Activity -> Write out the full set of records exactly. Any pictures in them do not belong in the copy.

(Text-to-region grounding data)
-----
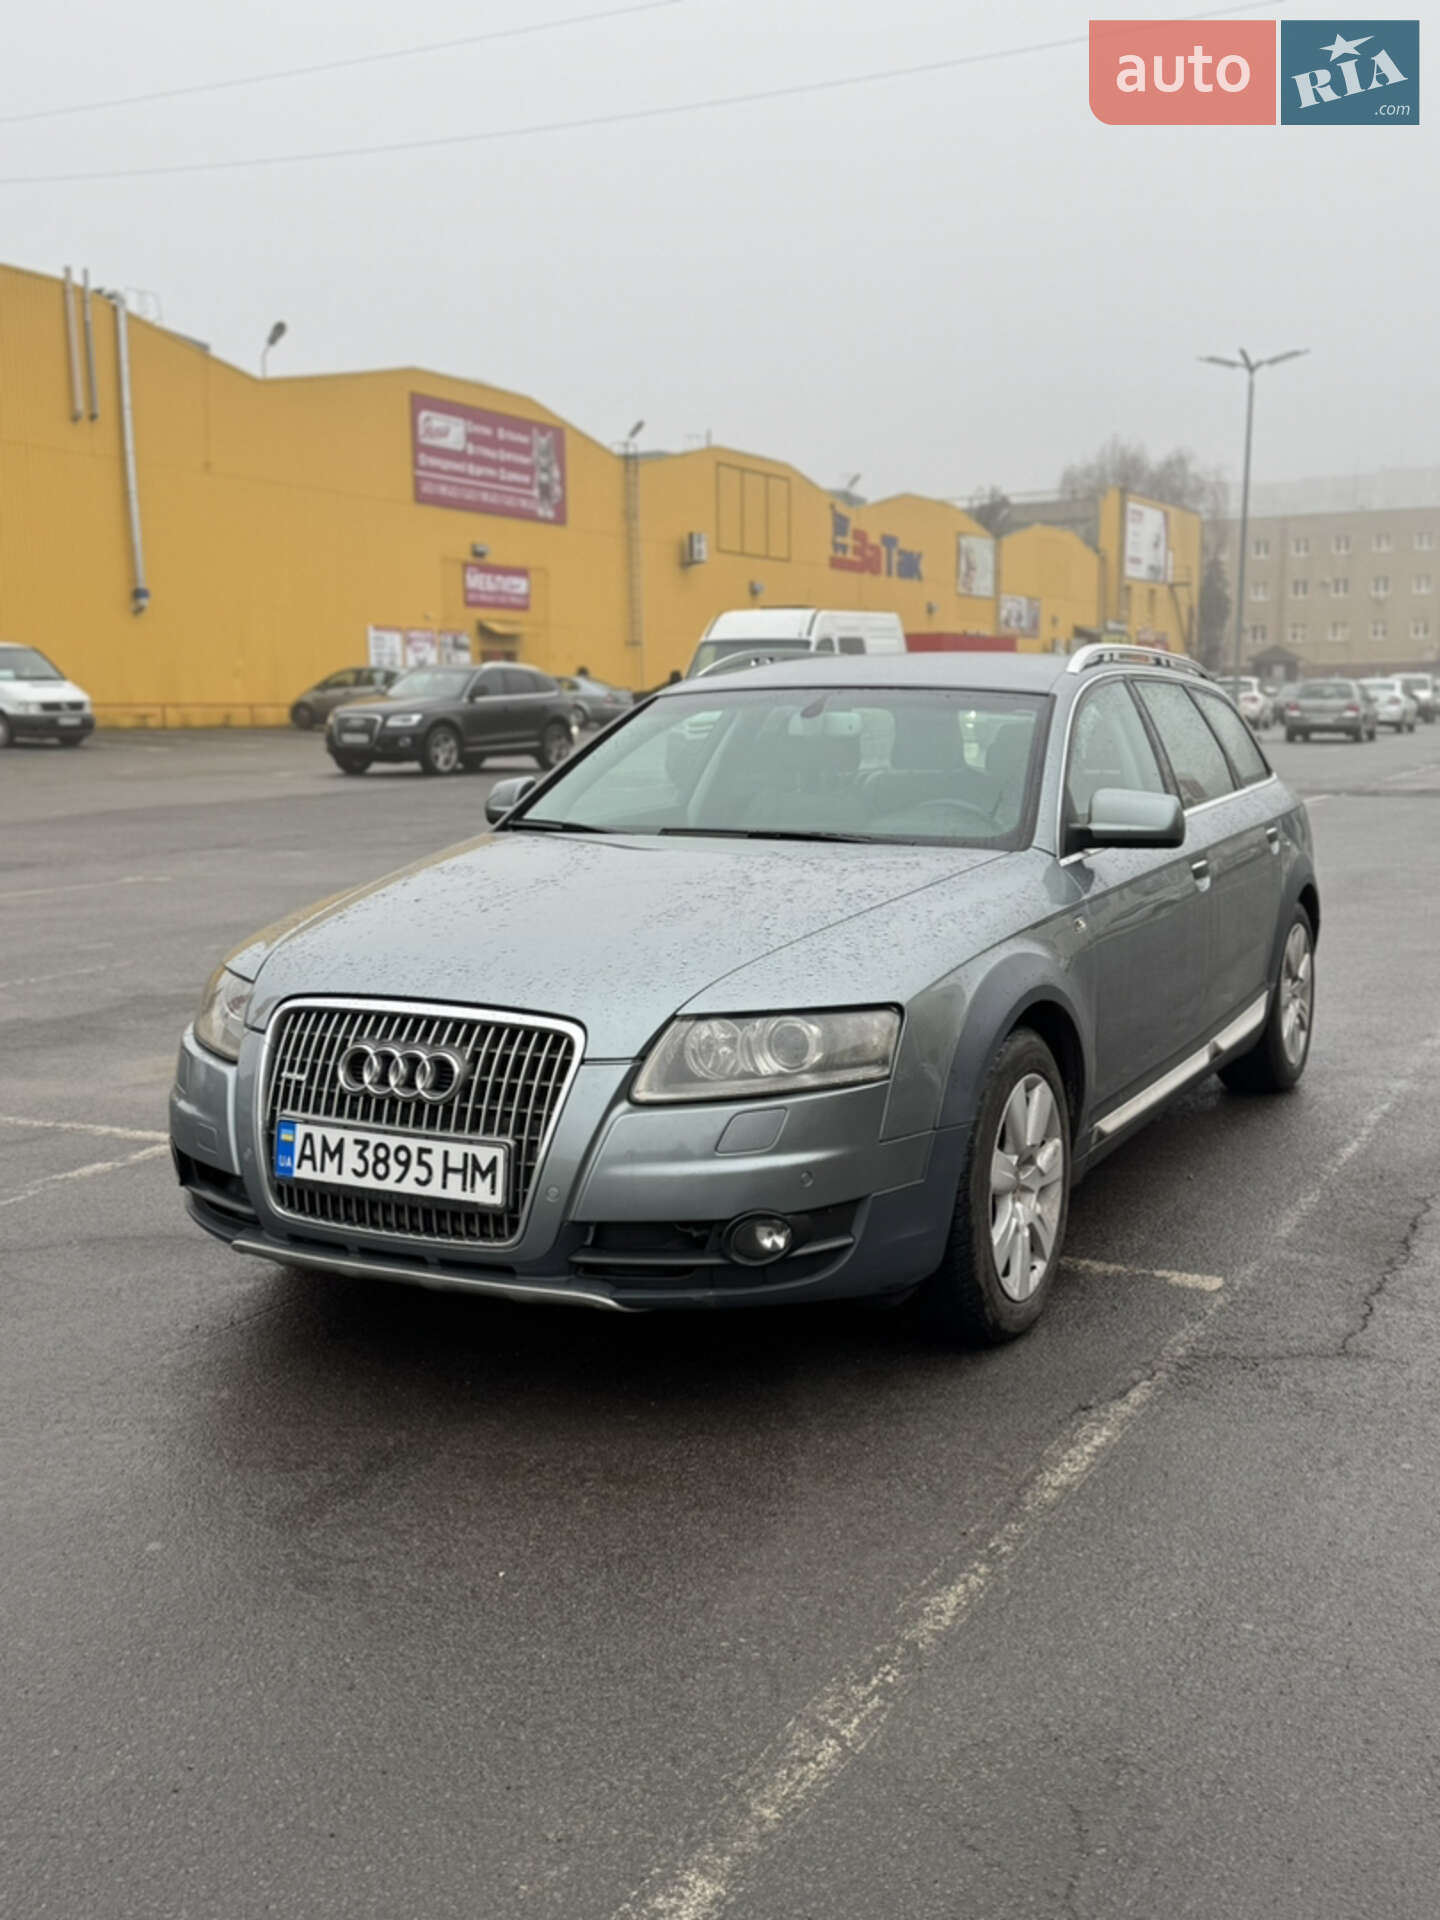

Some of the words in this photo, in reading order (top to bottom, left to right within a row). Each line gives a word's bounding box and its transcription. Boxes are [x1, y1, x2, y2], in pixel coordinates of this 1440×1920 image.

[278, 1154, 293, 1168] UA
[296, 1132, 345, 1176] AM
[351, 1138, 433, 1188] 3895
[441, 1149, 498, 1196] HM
-----
Task response ->
Some of the words in this photo, in reading order (top to bottom, left to right within a row). Each line gives a word's bounding box and its transcription. Boxes are [x1, y1, x2, y2], in pixel coordinates of this 1440×1920 image.

[278, 1154, 293, 1168] UA
[296, 1132, 345, 1176] AM
[351, 1138, 433, 1188] 3895
[441, 1149, 498, 1196] HM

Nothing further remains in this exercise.